Although Athonet and Celona are both private 5G, or P5G, providers, they do go to market differently. Celona’s “5G in a box” is a full, turnkey solution that deploys and is managed like enterprise Wi-Fi, whereas Athonet’s strength is the mobile core and was designed for carriers and requires some integration work with orchestration tool and other components.
In addition to P5G, Athonet also offers a carrier-graded, 4G evolved packet core and has an IMS business comprised of native voice and video services for LTE and 5G endpoints. HPE is best known as an enterprise company, but it does have a service provider business and Athonet can bring capabilities to both.
Over the past few years, there has certainly been a tremendous amount of hype around private 5G. Although some industry watchers have predicted that P5G would eventually cannibalize Wi-Fi, I don’t believe that to be the case. The latter has the benefit of being easier to operate, is significantly cheaper to run, has reached near ubiquity and there are orders of magnitude more Wi-Fi enabled devices than cellular. The reality is, Wi-Fi is fine for many use cases, particularly in traditional office environments.
P5G is ideally suited for use cases where connectivity is crucial to business operations. Assembly lines, warehouses, robots, industrial “internet of things” and mining operations all require the utmost in reliability to function. Any downtime at all can cost the organizations significant amounts of money, making the premium for private cellular worth it.
Even though the use cases are different, where HPE can create a “1+1=3” scenario with the acquisition is to unify the management and security of the two networks. I do not think we will see converged access points because the dispersion pattern and reach of Wi-Fi and cellular radios are quite different. 5G access points have a much broader coverage area, so it takes only a fraction of the radios when compared with Wi-Fi.

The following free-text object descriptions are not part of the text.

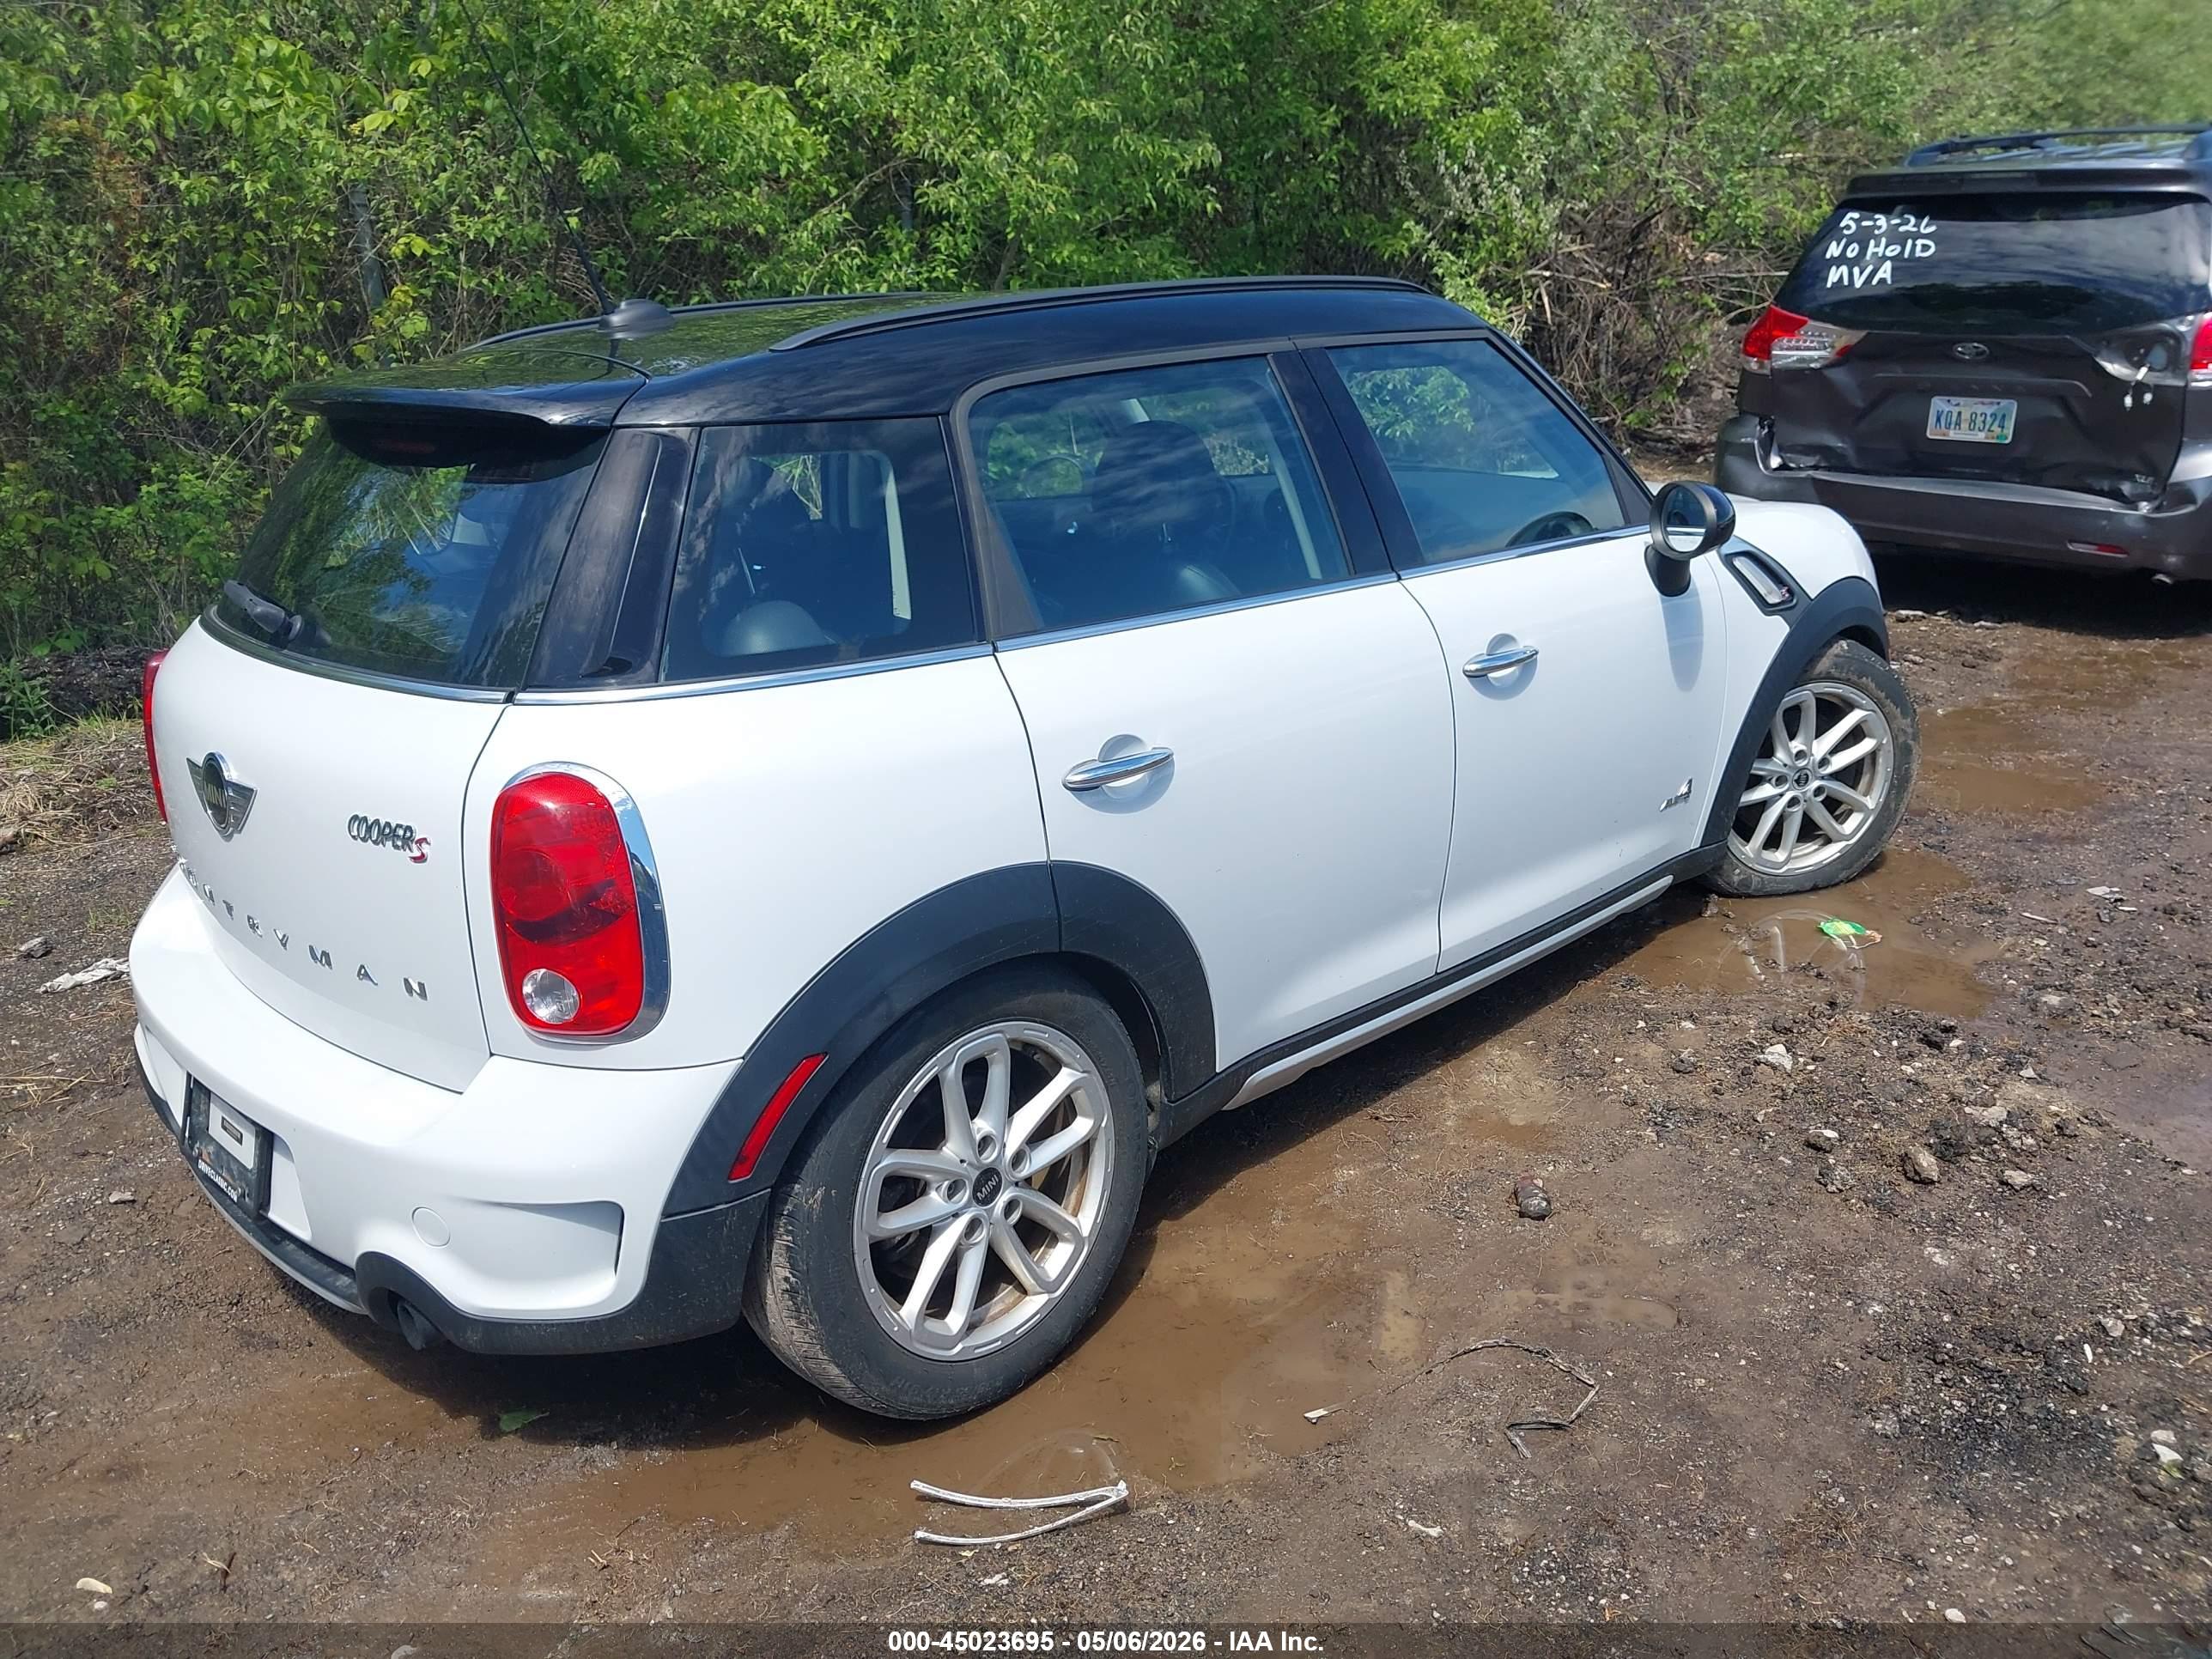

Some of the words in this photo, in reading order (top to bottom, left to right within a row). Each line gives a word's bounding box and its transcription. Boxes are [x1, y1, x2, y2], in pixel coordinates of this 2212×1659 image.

[1839, 212, 1938, 235] 5-3-26
[1826, 259, 1892, 289] MVA
[1967, 411, 2008, 434] 8324
[348, 814, 416, 853] COOPER
[976, 1174, 1000, 1200] MINI

What does make sense is to unify policies and management in a single place. In this case, HPE will look to integrate Athonet into its Aruba Central network management portal. This will let administrators create access policies or update common configurations from a single location and propagate it across both networks simultaneously. Also, Aruba Central has AI-enabled insights, security capabilities and workflow automation which can be applied to Athonet as well, further improving operations.
As one would expect, in its press release HPE stated the plan is to offer Athonet P5G as part of the HPE GreenLake “edge to cloud” platform where customers can purchase its wired network, Wi-Fi and private cellular via a monthly subscription model with no capital expenditure. This can help de-risk the deployment of P5G and let companies try the service, see what works and expand the network once the business case has been made.

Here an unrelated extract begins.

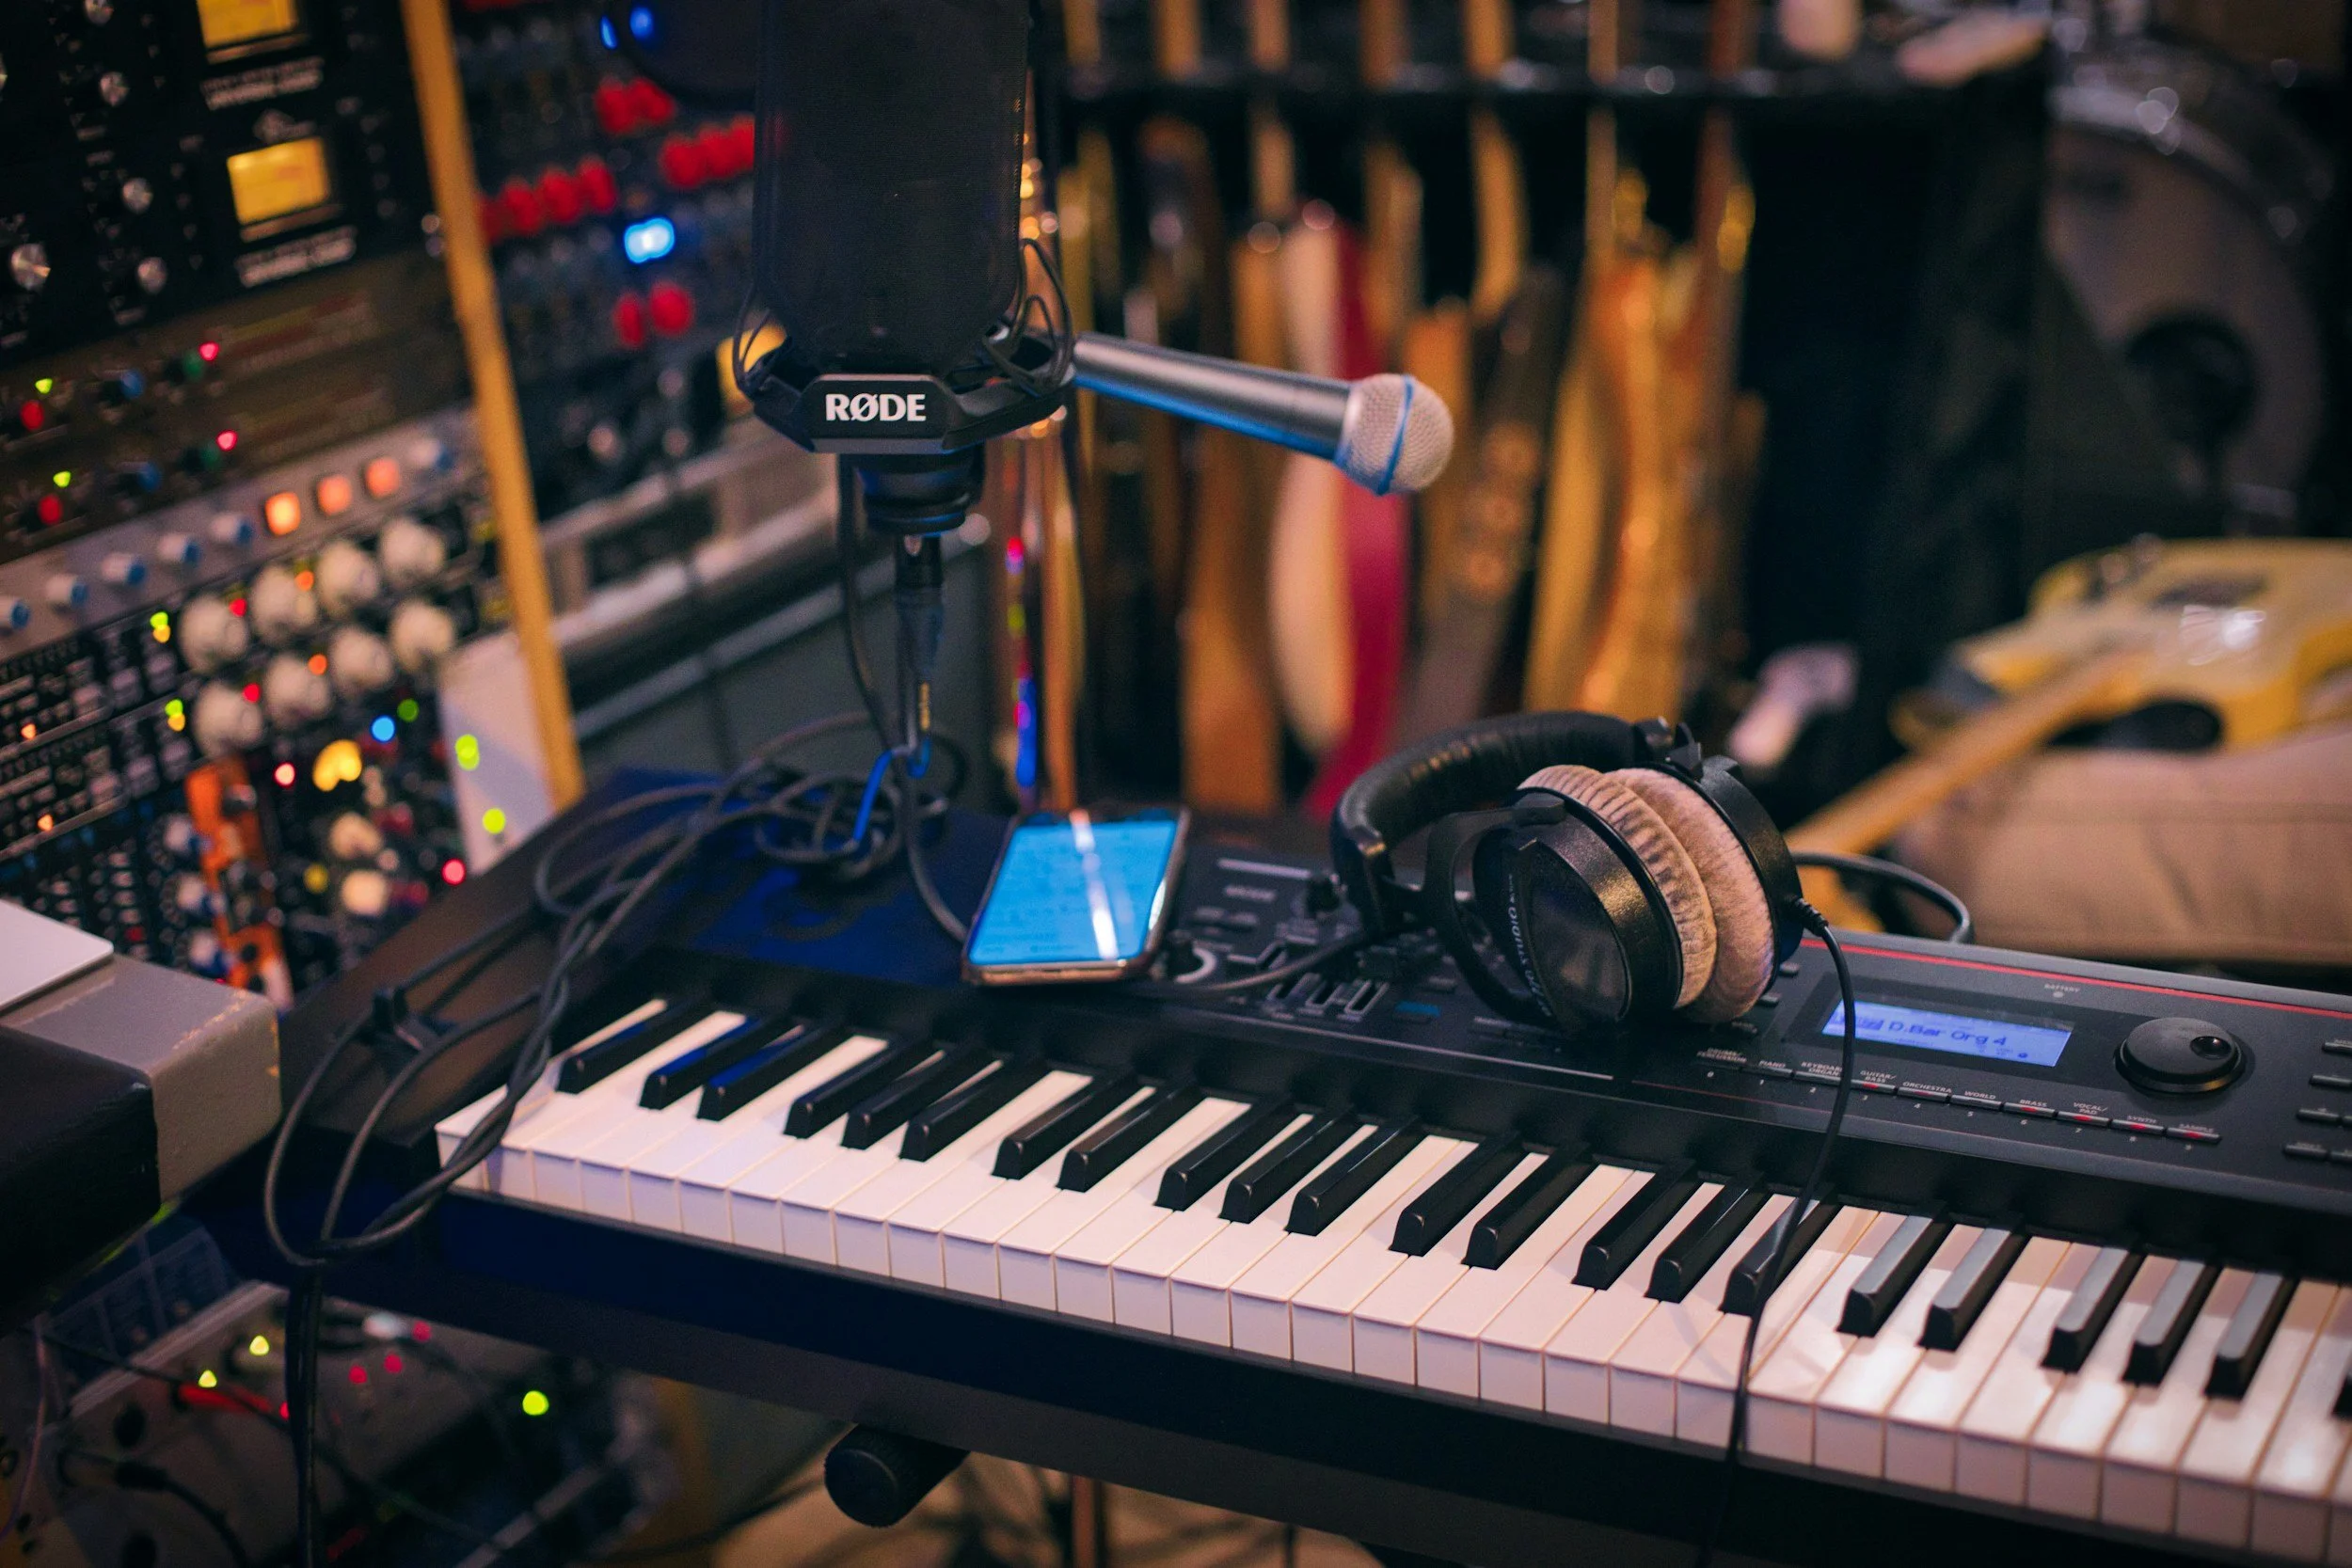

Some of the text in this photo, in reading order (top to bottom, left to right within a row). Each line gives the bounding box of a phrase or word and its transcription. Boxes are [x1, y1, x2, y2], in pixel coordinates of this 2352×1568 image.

It’s fair to say that the marketing around P5G has outpaced deployments, but that should have been expected because it’s hard for information technology pros to understand what’s possible until they see it in action. More emerging use cases will help trigger ideas and innovation and create a “rising tide” for the technology. This is a good move for HPE: It gets into the market early and, through GreenLake, can stimulate adoption.